Rabies is a particularly dangerous virus for cats; fortunately, it is completely preventable. Our Beacon veterinarians discuss the costs, scheduling, and possible side effects of vaccinating your cat against rabies.
The Rabies Virus and How it Spreads
Rabies is a disease that is most frequently encountered in wild animals such as skunks, foxes, and raccoons. The prognosis for unvaccinated cats after contracting rabies is poor, as the infection is frequently fatal.
The virus causes increased aggression in animals suffering from its effects, and most states in the United States require that pets diagnosed with Rabies be euthanized due to the disease's ease of spread via saliva. Because all mammals are susceptible to contracting rabies through the bite of an infected animal, it is critical to vaccinate your pet against rabies.
Cat Rabies Vaccine Cost
The cost of rabies vaccination varies tremendously between different veterinarians, based in large part on what type of vaccine they use.

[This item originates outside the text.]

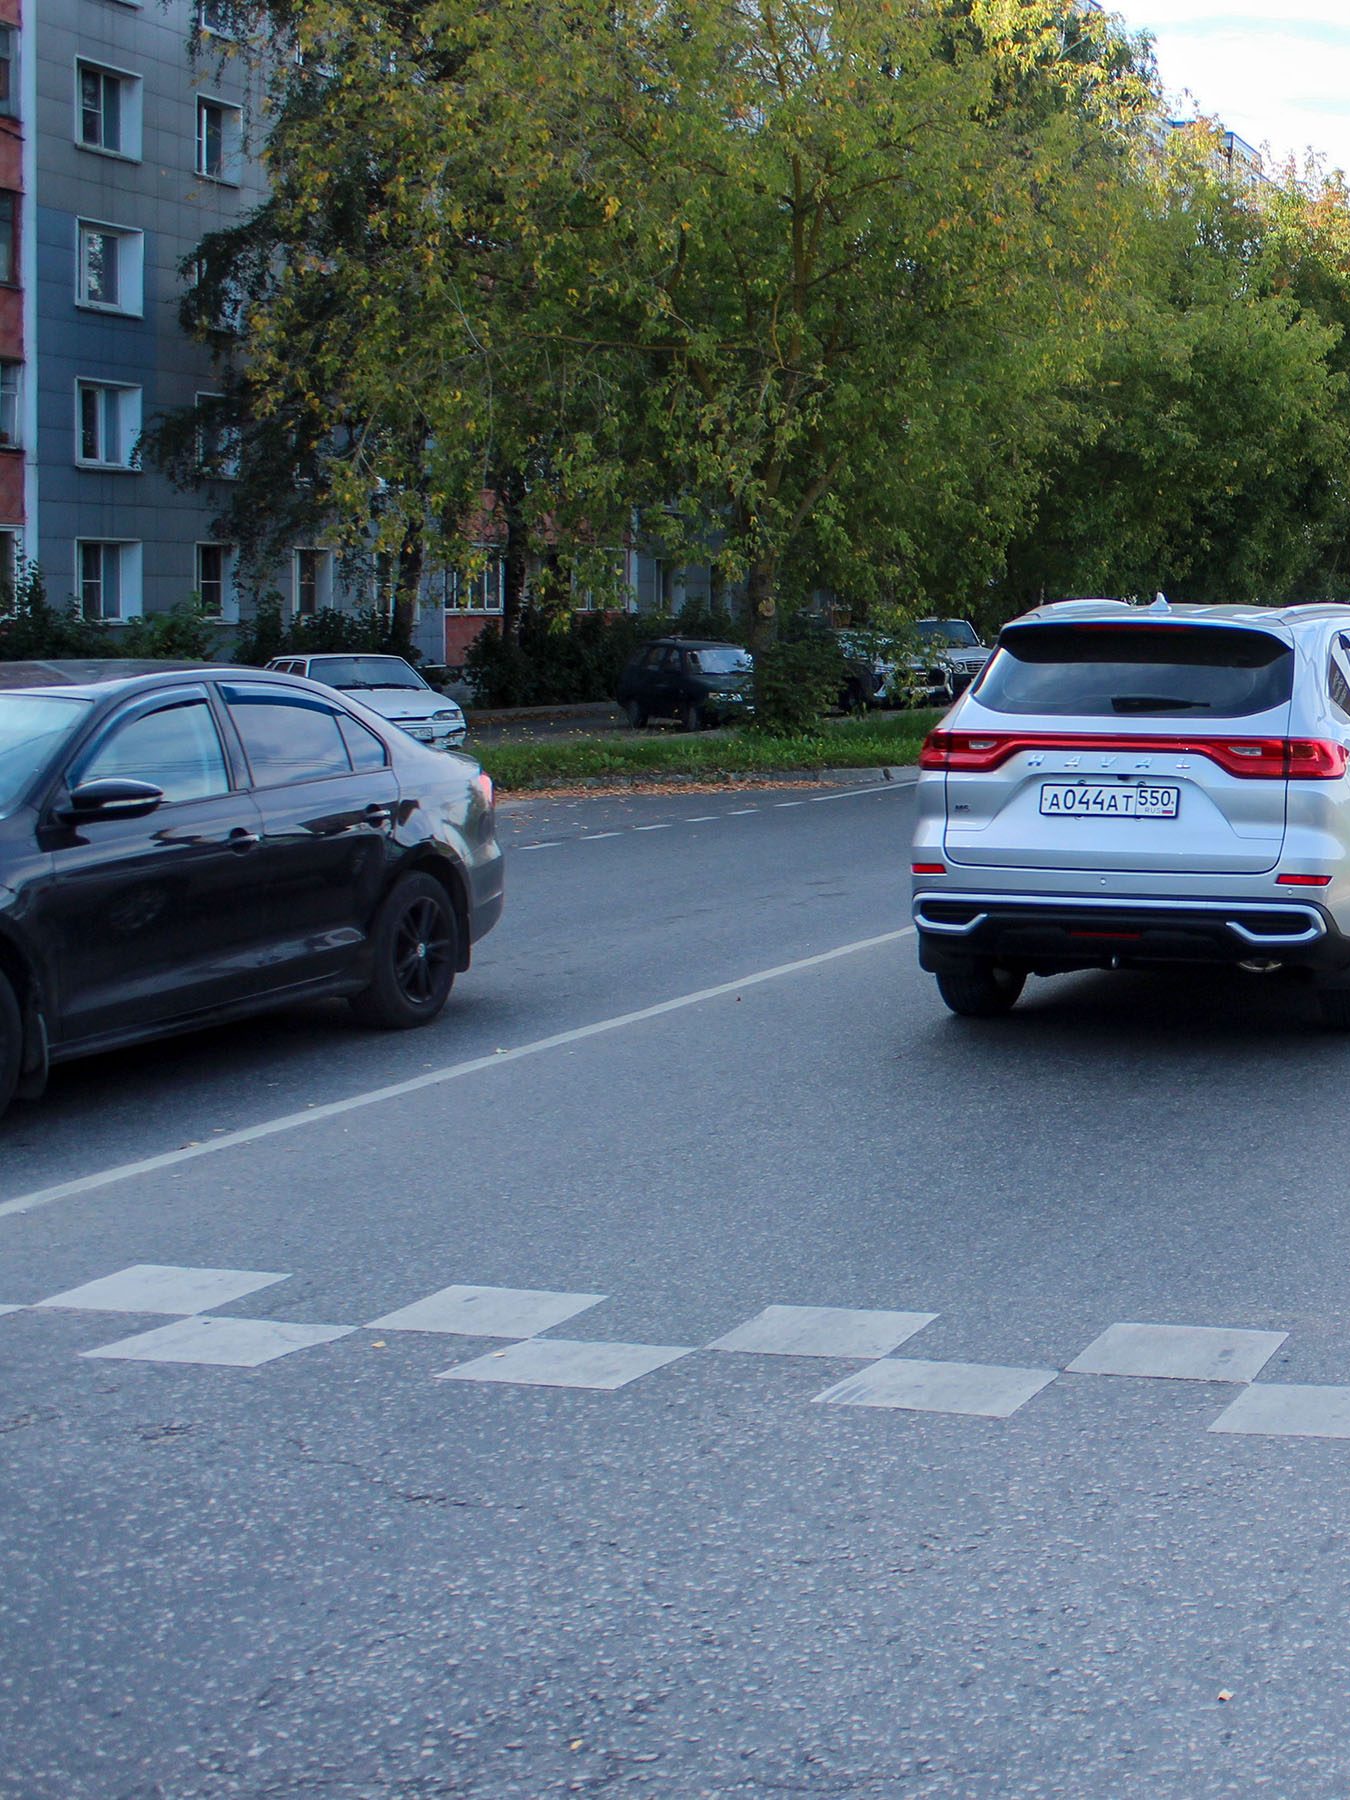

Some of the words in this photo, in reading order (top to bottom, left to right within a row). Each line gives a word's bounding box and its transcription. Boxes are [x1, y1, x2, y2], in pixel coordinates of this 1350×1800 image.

[1027, 754, 1191, 769] HAVAL
[1048, 789, 1134, 812] А044АТ
[1138, 789, 1171, 807] 550

Longer-lasting vaccines, as well as vaccines with fewer possible side effects, are significantly more expensive—the best course of action is to inquire with your veterinarian about which rabies vaccine(s) they offer and at what cost. Your veterinarian can advise you on the vaccination schedule that is most appropriate for your cat's health and your budget.

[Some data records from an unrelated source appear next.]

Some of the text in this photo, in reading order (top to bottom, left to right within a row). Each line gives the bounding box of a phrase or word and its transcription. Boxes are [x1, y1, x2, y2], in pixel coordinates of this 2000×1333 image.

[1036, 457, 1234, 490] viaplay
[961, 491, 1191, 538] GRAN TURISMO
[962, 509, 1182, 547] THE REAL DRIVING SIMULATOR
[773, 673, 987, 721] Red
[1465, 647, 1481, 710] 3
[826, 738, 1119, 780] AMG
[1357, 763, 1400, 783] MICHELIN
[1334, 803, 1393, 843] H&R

Cat Rabies Vaccine Schedule
Rabies vaccination schedules for cats vary according to the brand of vaccine used. The majority of veterinarians offer vaccines without adjuvants, which were effective at preventing rabies but caused allergic reactions in some cats. These vaccines may or may not be more expensive than vaccines with adjuvants, which are equally effective at preventing rabies but have a higher risk of causing rare side effects, depending on the veterinarian's practice and any applicable state legislation regarding rabies vaccination in cats.
Older non-adjuvant vaccines only lasted for a year, and so yearly booster shots were required. Newer vaccines have been developed which require a single booster a year after the first vaccination, followed by boosters every three years after that; these vaccines are considerably more expensive, however, so some veterinarians opt to stick with the older vaccine technology. If you ask your vet "how often should my cat have a rabies vaccine?" they will be able to tell you about what vaccination options they offer and what schedule is best for your cat.
Cats can begin their rabies vaccination treatment at 12 weeks old. If you haven't already, you can schedule your cat for all their routine vaccinations and other preventative care at The Beacon Veterinary Associates.
Cat Reaction to Rabies Vaccine
Cat owners often have concerns about the cat rabies vaccine having side effects. They will tell our Beacon vets that they don't want to have to tell their family that their "cat died from rabies vaccine". Fortunately, these fears are unfounded. Side effects are rare and typically include only slight fever, lethargy, decreased appetite, and/or a localized swelling at the vaccine site.
In extremely rare instances, a cat may develop an allergic reaction to the vaccine, manifesting as hives, severe weakness, and unexplained collapse. It should be noted that less than 0.001% of cats will experience allergic reactions to modern rabies vaccines. It is always safer to have your cat vaccinated than to take a chance on a future rabies infection.
Indoor Cats and Rabies Vaccination
Cat owners may believe that rabies vaccination is unnecessary if their cat lives indoors, but this is not the case. While you may not allow your cat outside your home, the risk of escape—or worse, of an infected bat or rodent breaking into your home—is significant enough to warrant protection for your feline companion.
The consequences of rabies are too dire to take any chances with, the best and only way to ensure your cat is completely protected against rabies is vaccination.